The magic is all in that burrata. The first time I split one open, my little sister practically shouted over the creamy surprise inside. Ever since, it’s the one cheese that makes these toasts truly next level. She’ll still mention that first bite every time I bring it out.
Keep It Fresh
These taste best right away, but if you’ve got a few left, wrap them gently in foil and stash in the fridge for a day max. The bread will soften, but a few minutes in a hot oven brings some snap back. Wait to add fresh basil till just before you dig in since it gets limp fast.
Swap-Out Ideas
No burrata at your shop? Use soft mozzarella—mozzarella di bufala if you can swing it. If basil’s out of season, huddle in some arugula leaves instead. For a sharper note, toss on sliced sun-dried tomatoes for a funky twist.
Serving Inspiration
This bruschetta brightens up happy hour with olives and toasty nuts.
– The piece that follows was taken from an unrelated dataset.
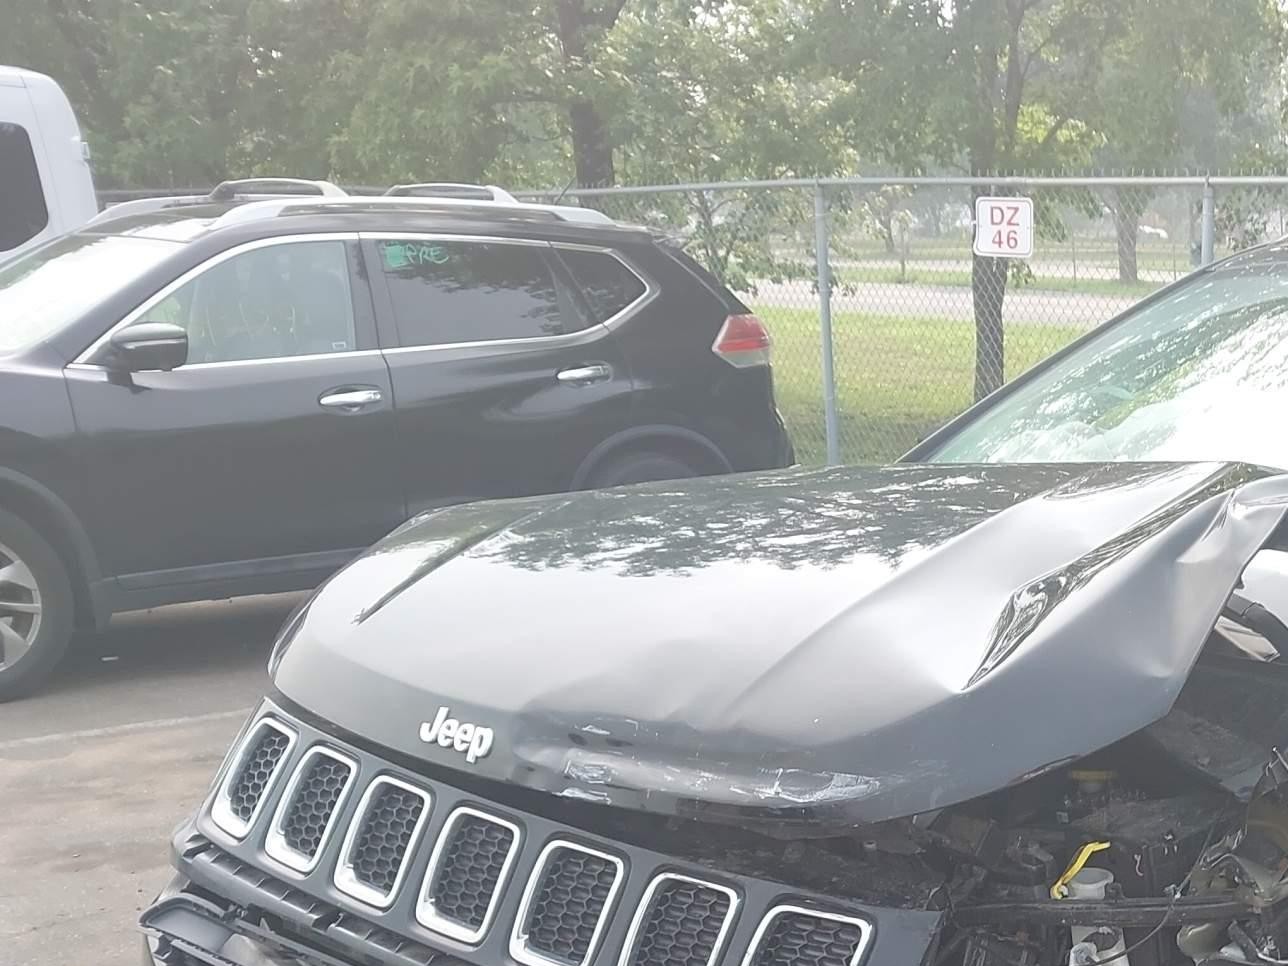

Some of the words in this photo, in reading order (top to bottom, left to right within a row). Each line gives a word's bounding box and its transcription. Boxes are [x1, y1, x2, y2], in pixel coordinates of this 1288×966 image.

[990, 206, 1020, 226] DZ
[992, 230, 1018, 249] 46
[420, 706, 494, 764] Jeep
Add to a picnic spread for some color. Want it more filling? Throw on a few ribbons of prosciutto or a pile of arugula right on top.

Backstory
This Italian classic started out as a way to jazz up old bread with whatever was growing out back. Swapping classic mozzarella for burrata gives it the feel of a fancy starter, and the creamy cheese is what makes this version a knockout.
Recipe FAQs
- → How do I make sure the bread stays crunchy?
Get your bread nicely toasted and only add toppings right before eating so it doesn't get soggy. Best served straight away for max crunch.
- → Is there a swap for burrata?
Can't find burrata? Grab some fresh mozzarella instead. It won't be as soft and creamy, but it'll still taste great.
- → Which tomatoes should I pick?
Sweet cherry tomatoes work like a charm, but you can totally use grape or heirloom ones for different tastes and colors.
- → How can I whip up balsamic glaze myself?
Just heat up balsamic vinegar on the stove until it thickens and shrinks down by half. Let it cool and it's good to go.
- → Got any other topping ideas?
Layer on some prosciutto, toss in arugula or sun-dried tomatoes, or try herbs like thyme or oregano if you wanna mix things up a bit.